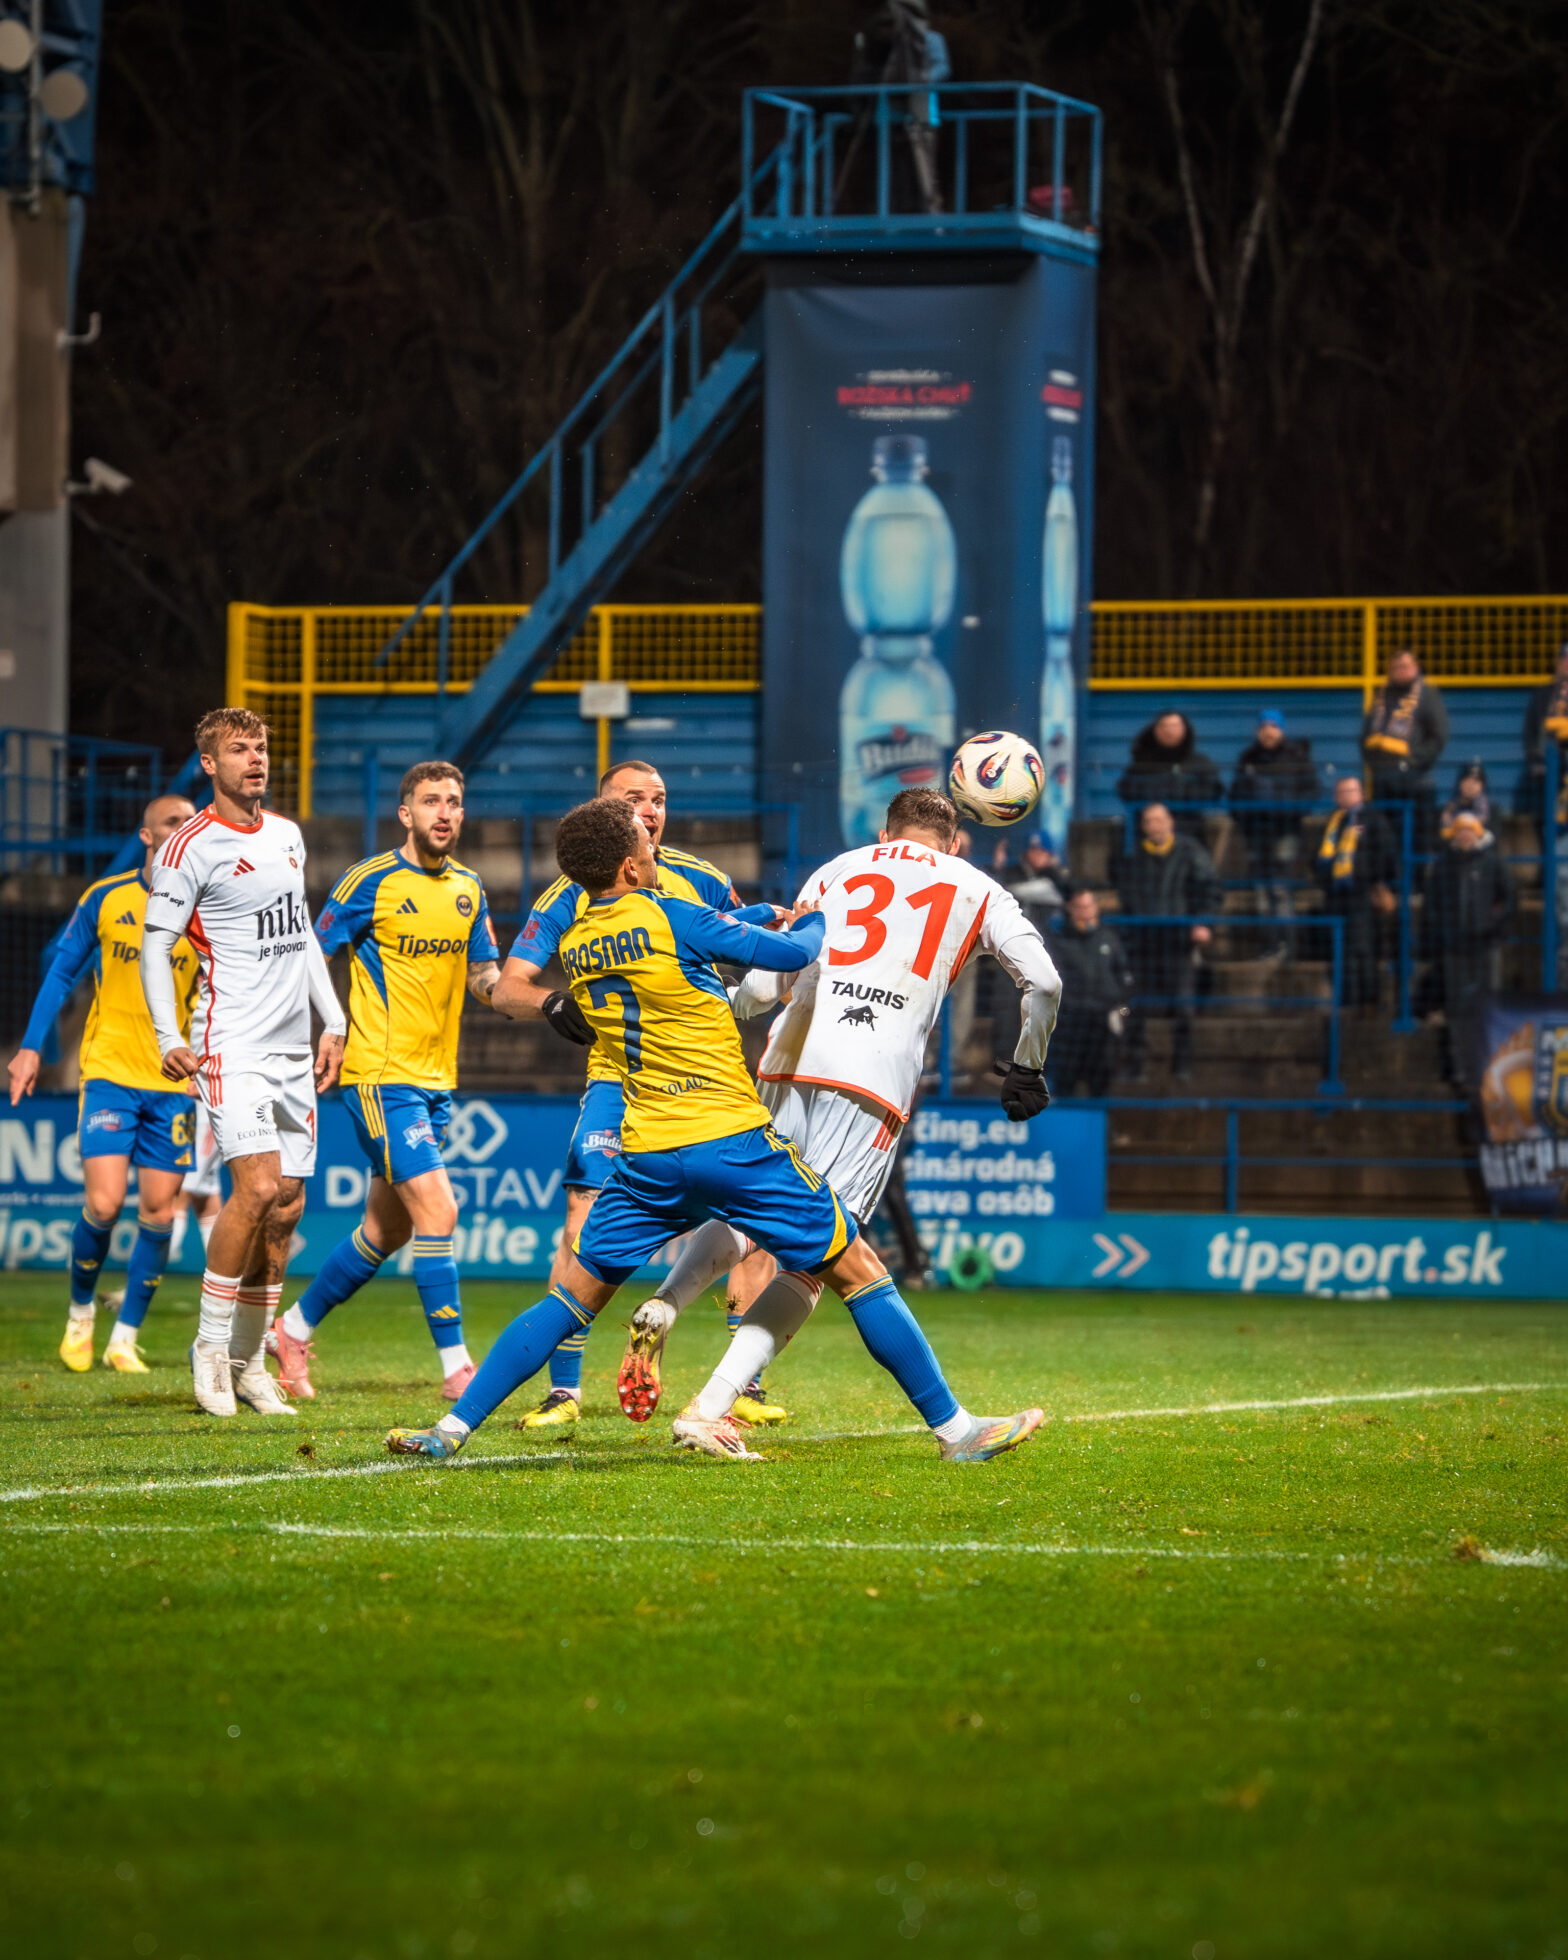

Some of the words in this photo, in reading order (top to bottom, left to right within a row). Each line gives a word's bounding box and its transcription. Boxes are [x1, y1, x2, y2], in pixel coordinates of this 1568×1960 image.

[872, 845, 936, 867] FILA
[828, 873, 958, 981] 31
[258, 946, 271, 962] je
[397, 935, 468, 958] Tipspor
[831, 980, 905, 1010] TAURIS
[586, 974, 643, 1075] 7
[237, 1130, 256, 1141] ECO
[976, 1183, 1055, 1216] osôb
[1206, 1226, 1507, 1292] tipsport.sk

• **WHAT NEEDS TO BE DONE**:
Set the material above down again word for word. Include none of its pictures.

• **EXERCISE SOLUTION**:
Some of the words in this photo, in reading order (top to bottom, left to right within a row). Each line gives a word's bounding box and its transcription. Boxes are [x1, y1, x2, y2], in pixel coordinates of this 1568×1960 image.

[872, 845, 936, 867] FILA
[828, 873, 958, 981] 31
[258, 946, 271, 962] je
[397, 935, 468, 958] Tipspor
[831, 980, 905, 1010] TAURIS
[586, 974, 643, 1075] 7
[237, 1130, 256, 1141] ECO
[976, 1183, 1055, 1216] osôb
[1206, 1226, 1507, 1292] tipsport.sk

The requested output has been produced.